Allosteric modulation of GABA(A) receptors by extracellular ATP

BACKGROUND: The γ-aminobutyric acid type A receptor (GABA(A)R) is the primary receptor mediating fast synaptic inhibition in the brain and plays a critical role in modulation of neuronal excitability and neural networks. Previous studies have demonstrated that ATP and its nucleotide analogs may regulate the function of GABA(A)Rs via Ca(2+)-dependent intracellular mechanisms, which require activation of purinergic 2 (P2) receptors or cross-talk between two receptors. RESULTS: Here, we report a potentiation of GABA(A)Rs by extracellular ATP via a previously un-recognized allosteric mechanism. Using cultured hippocampal neurons as well as HEK293 cells transiently expressing GABA(A)Rs, we demonstrate that extracellular ATP potentiates GABA(A)R mediated currents in a dose-dependent manner with an EC50 of 2.1 ± 0.2 mM. The potentiation was mediated by a postsynaptic mechanism that was not dependent on activation of either ecto-protein kinase or P2 receptors.
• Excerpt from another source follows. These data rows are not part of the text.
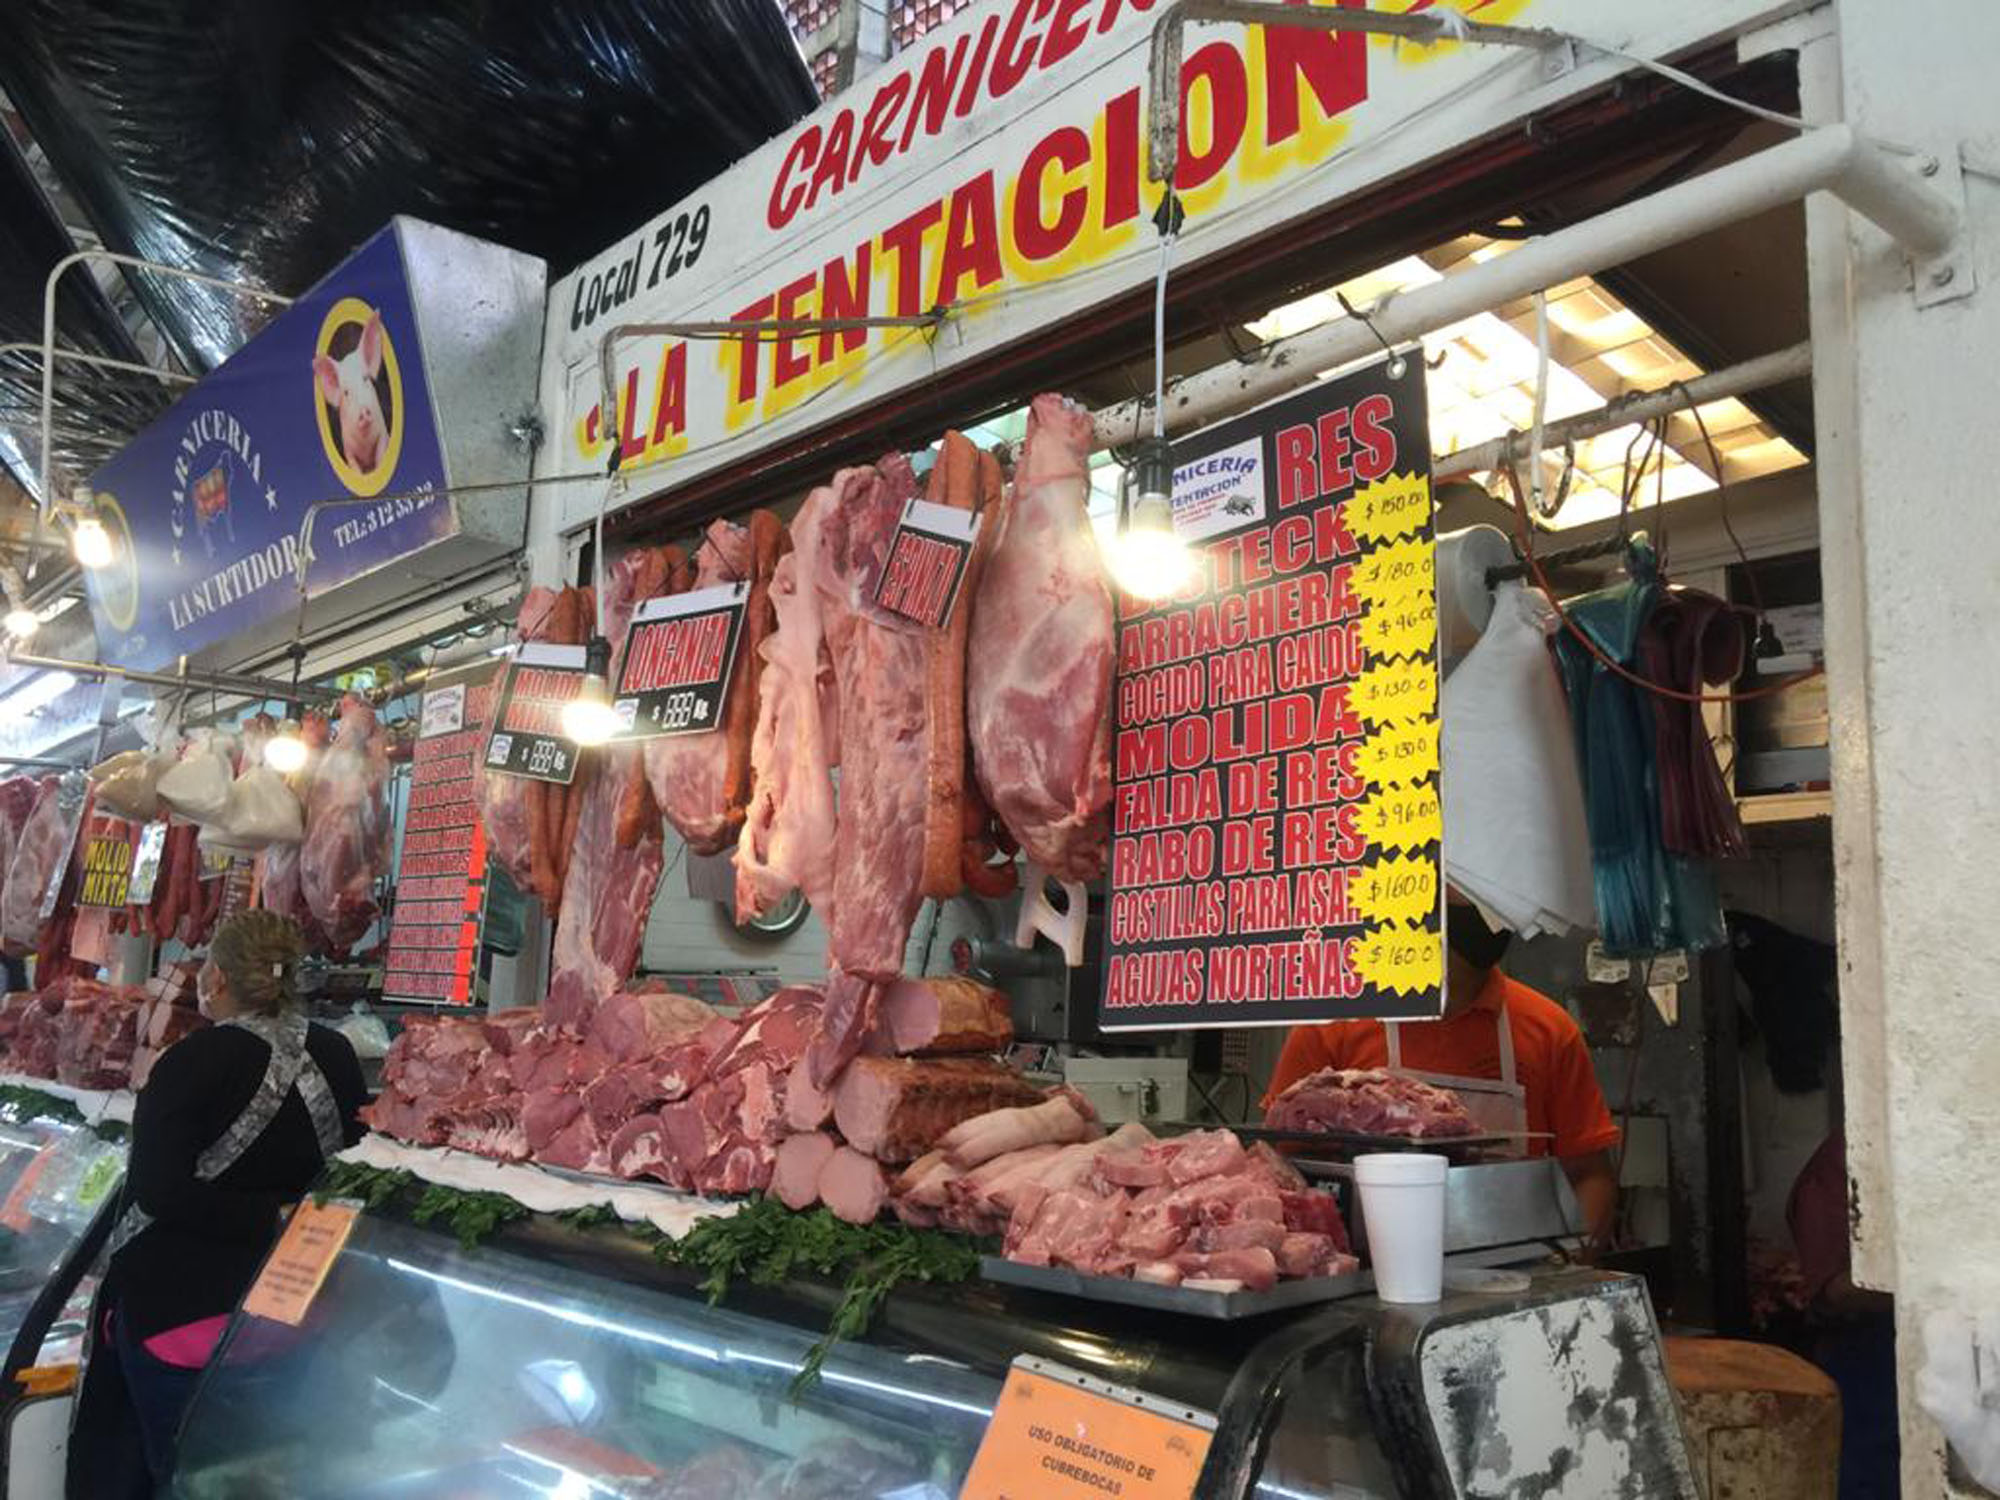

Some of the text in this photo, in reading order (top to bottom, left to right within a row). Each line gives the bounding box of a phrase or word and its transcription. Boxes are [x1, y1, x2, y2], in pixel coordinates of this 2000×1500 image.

[730, 0, 1368, 404] TENTACION
[571, 203, 710, 331] Local 729
[171, 410, 261, 538] CARNICERIA
[1275, 394, 1396, 509] RES
[621, 611, 732, 694] LONGANIZA
[1117, 562, 1361, 677] ARRACHERA
[1119, 619, 1365, 728] COCIDO PARA CALDO
[1116, 686, 1364, 781] MOLIDA
[1115, 741, 1367, 835] FALDA DE RES
[1113, 801, 1368, 889] RABO DE RES
[1111, 880, 1226, 946] COSTILLAS
[1226, 874, 1291, 934] PARA
[1105, 929, 1366, 1008] AGUJAS NORTEÑAS
[1028, 1424, 1156, 1482] USO OBLIGATORIO DE
[1041, 1454, 1123, 1497] CUBREBOCAS
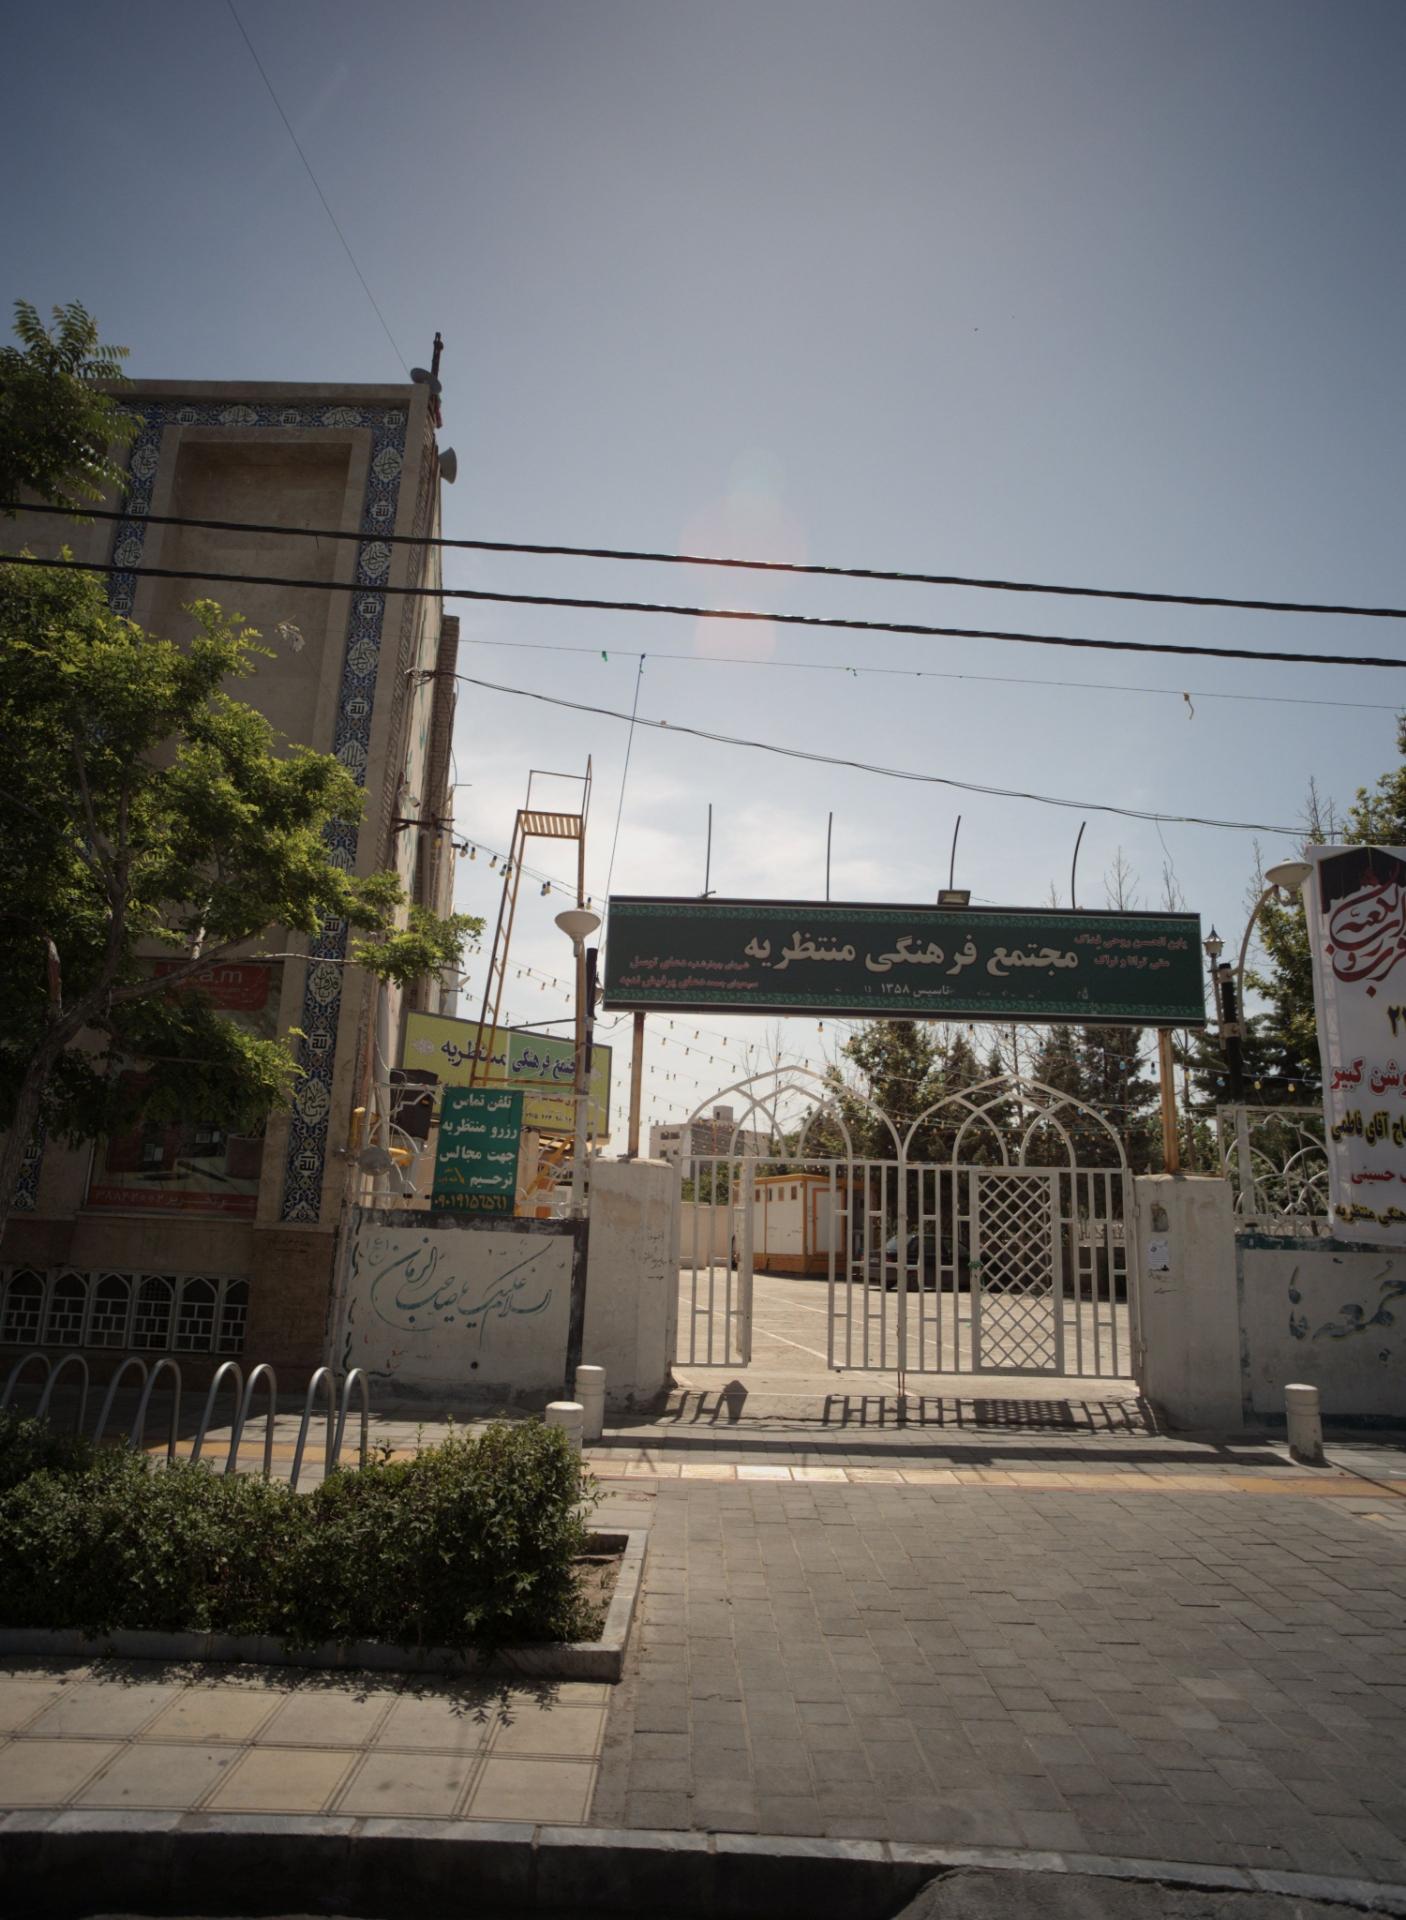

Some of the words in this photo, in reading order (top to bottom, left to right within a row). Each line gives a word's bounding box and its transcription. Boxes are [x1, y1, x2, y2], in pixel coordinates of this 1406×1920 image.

[744, 931, 857, 970] منتظریه
[1103, 938, 1131, 949] روحی
[1133, 936, 1167, 949] الحسن
[865, 934, 977, 975] فرهنگی
[986, 942, 1078, 976] مجتمع
[881, 984, 910, 995] ۱۳۵۸
[913, 984, 950, 997] تاسیس
[441, 1040, 506, 1067] منتظریه
[512, 1047, 550, 1076] فرهنگی
[1331, 1060, 1363, 1089] کبیر
[452, 1094, 485, 1110] تماس
[487, 1093, 512, 1111] تلفن
[442, 1118, 487, 1137] منتظریه
[490, 1124, 518, 1140] رزرو
[1331, 1109, 1363, 1141] فاطمی
[1365, 1109, 1390, 1147] آقای
[439, 1146, 482, 1162] مجالس
[486, 1151, 516, 1162] جهت
[469, 1172, 514, 1189] ترحیم
[1351, 1165, 1395, 1185] حسینی
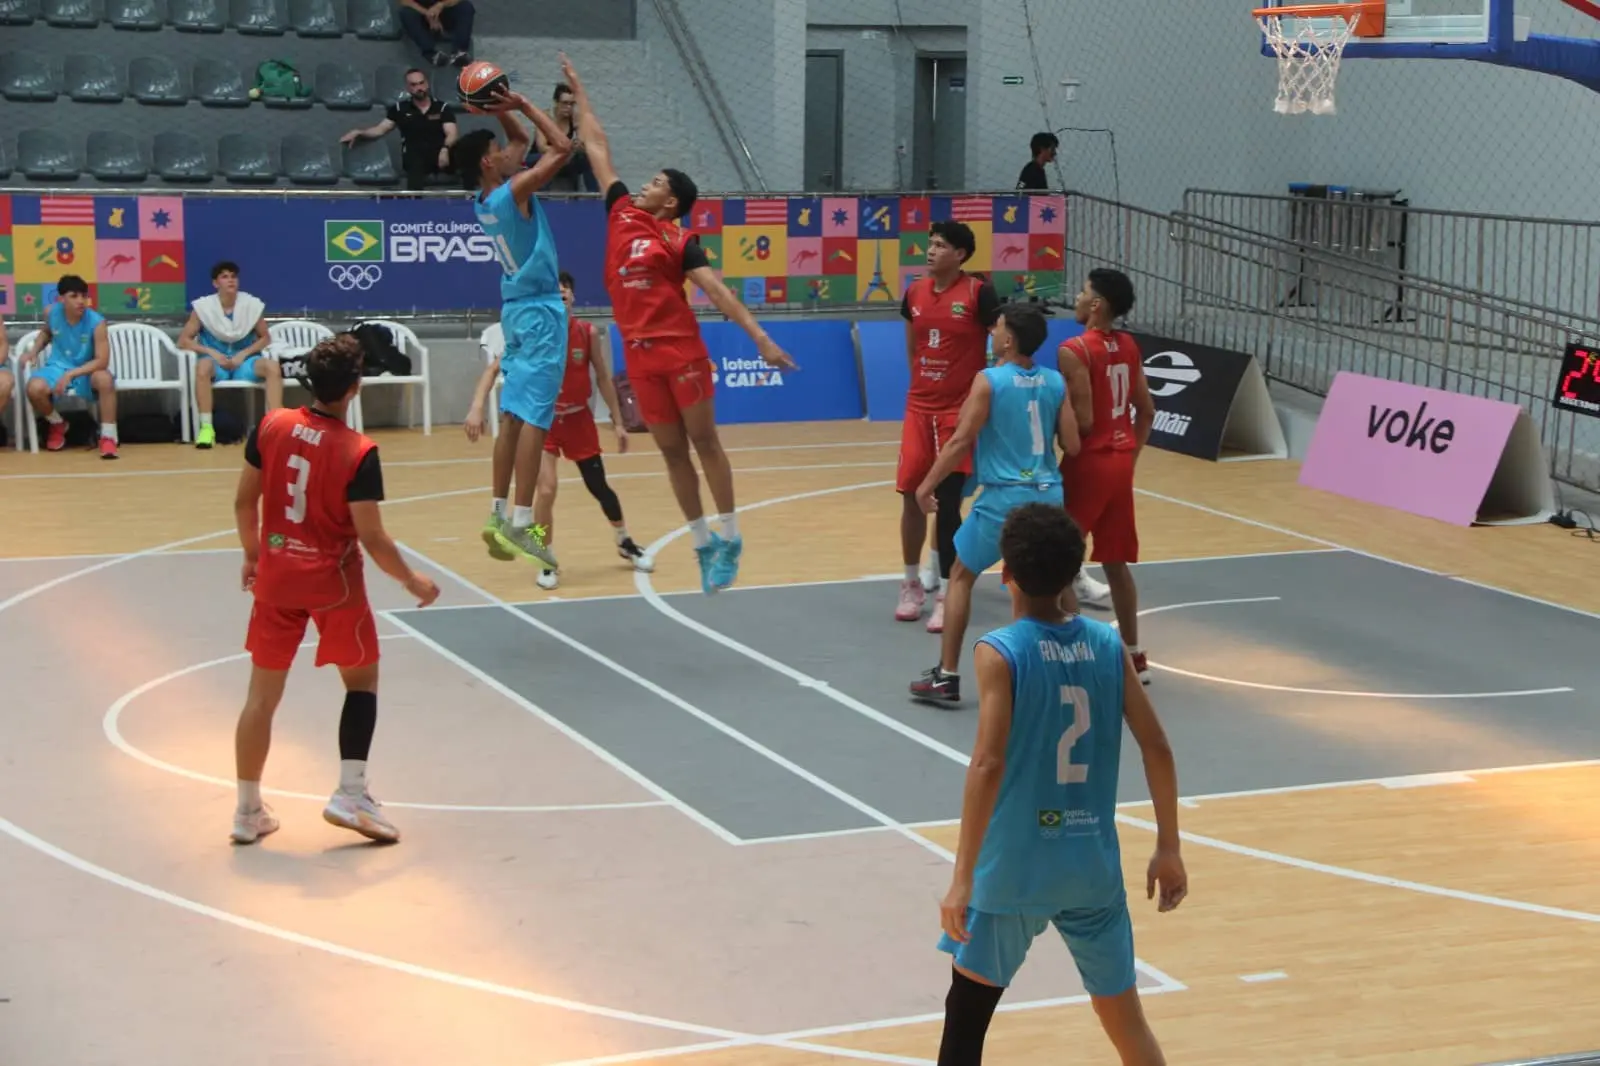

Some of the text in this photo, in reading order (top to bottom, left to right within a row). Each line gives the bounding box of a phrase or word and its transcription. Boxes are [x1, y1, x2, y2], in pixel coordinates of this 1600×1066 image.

Single channel recordings from cell-free excised membrane patches under outside-out mode or isolated membrane patches under cell-attached mode suggest that the ATP modulation of GABA currents is achieved through a direct action of ATP on the channels themselves and manifested by increasing the single channel open probability without alteration of its conductance. Moreover, this ATP potentiation of GABA(A)R could be reconstituted in HEK293 cells that transiently expressed recombinant rat GABA(A)Rs. CONCLUSIONS: Our data strongly suggest that extracellular ATP allosterically potentiates GABA(A)R-gated chloride channels. This novel mode of ATP-mediated modulation of GABA(A)Rs may play an important role in regulating neuronal excitability and thereby in fine-tuning the excitation-inhibition balance under conditions where a high level of extracellular ATP is ensured.